• _EXERCISE PROMPT_: Write out the data exactly, please, and omit the pictures.

○ ○ ○ ○ ○

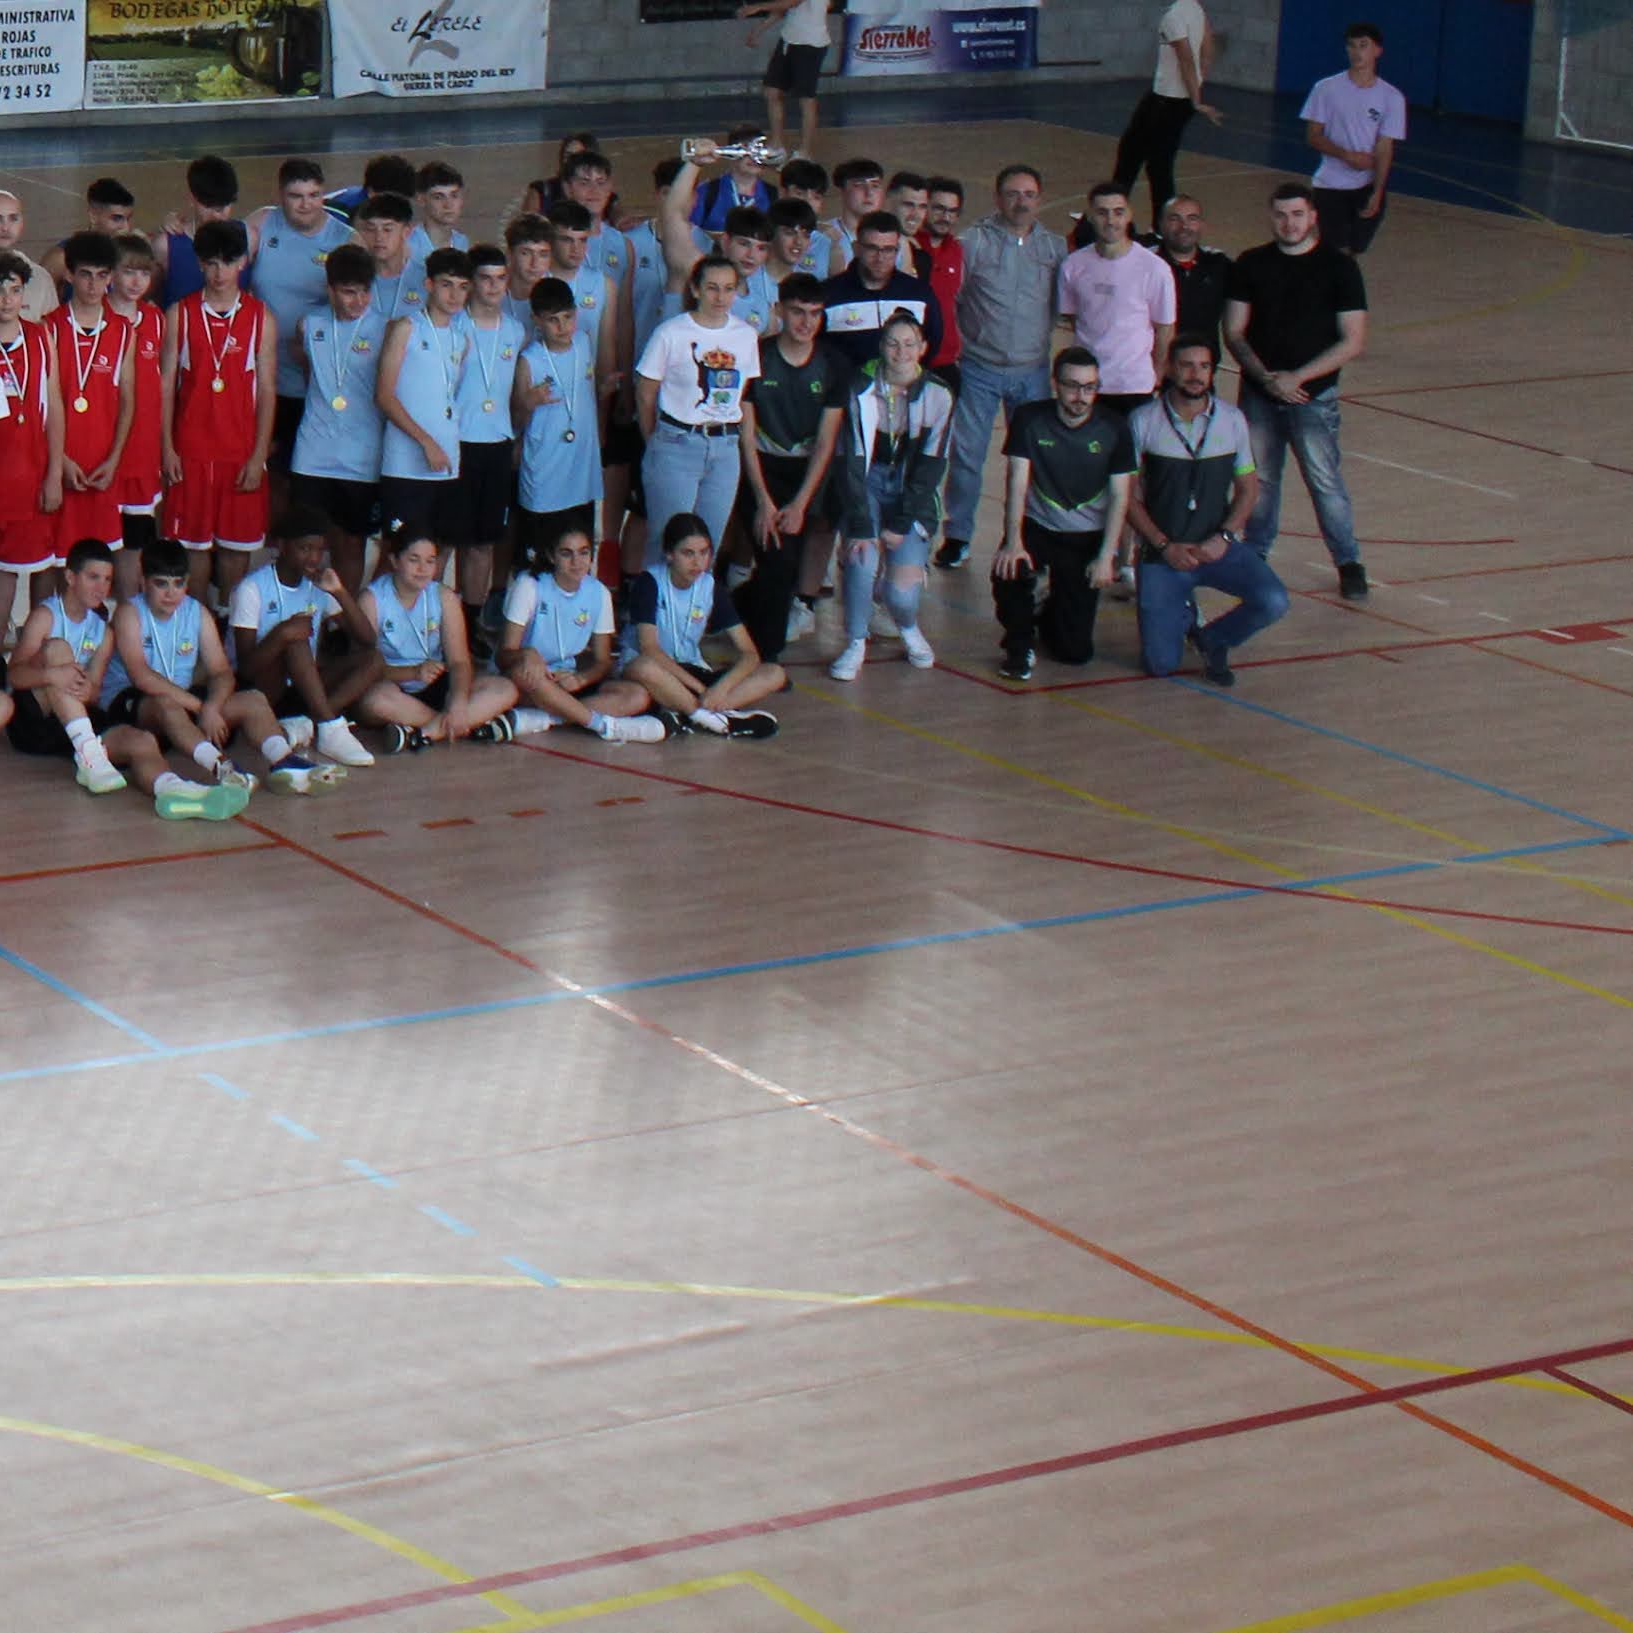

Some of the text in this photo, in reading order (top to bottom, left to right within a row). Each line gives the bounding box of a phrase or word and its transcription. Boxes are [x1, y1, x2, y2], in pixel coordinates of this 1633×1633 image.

[110, 1, 201, 21] BODEGAS
[2, 30, 36, 44] ROJAS
[860, 25, 931, 49] SierraNet
[10, 45, 52, 60] TRAFICO
[0, 63, 61, 78] ESCRITURAS
[360, 68, 516, 82] CALLE DE PRADO DEL REY
[15, 84, 33, 100] 34
[35, 84, 52, 99] 52

○ ○ ○ ○ ○

• _EXPECTED ANSWER_:
Some of the text in this photo, in reading order (top to bottom, left to right within a row). Each line gives the bounding box of a phrase or word and its transcription. Boxes are [x1, y1, x2, y2], in pixel coordinates of this 1633×1633 image.

[110, 1, 201, 21] BODEGAS
[2, 30, 36, 44] ROJAS
[860, 25, 931, 49] SierraNet
[10, 45, 52, 60] TRAFICO
[0, 63, 61, 78] ESCRITURAS
[360, 68, 516, 82] CALLE DE PRADO DEL REY
[15, 84, 33, 100] 34
[35, 84, 52, 99] 52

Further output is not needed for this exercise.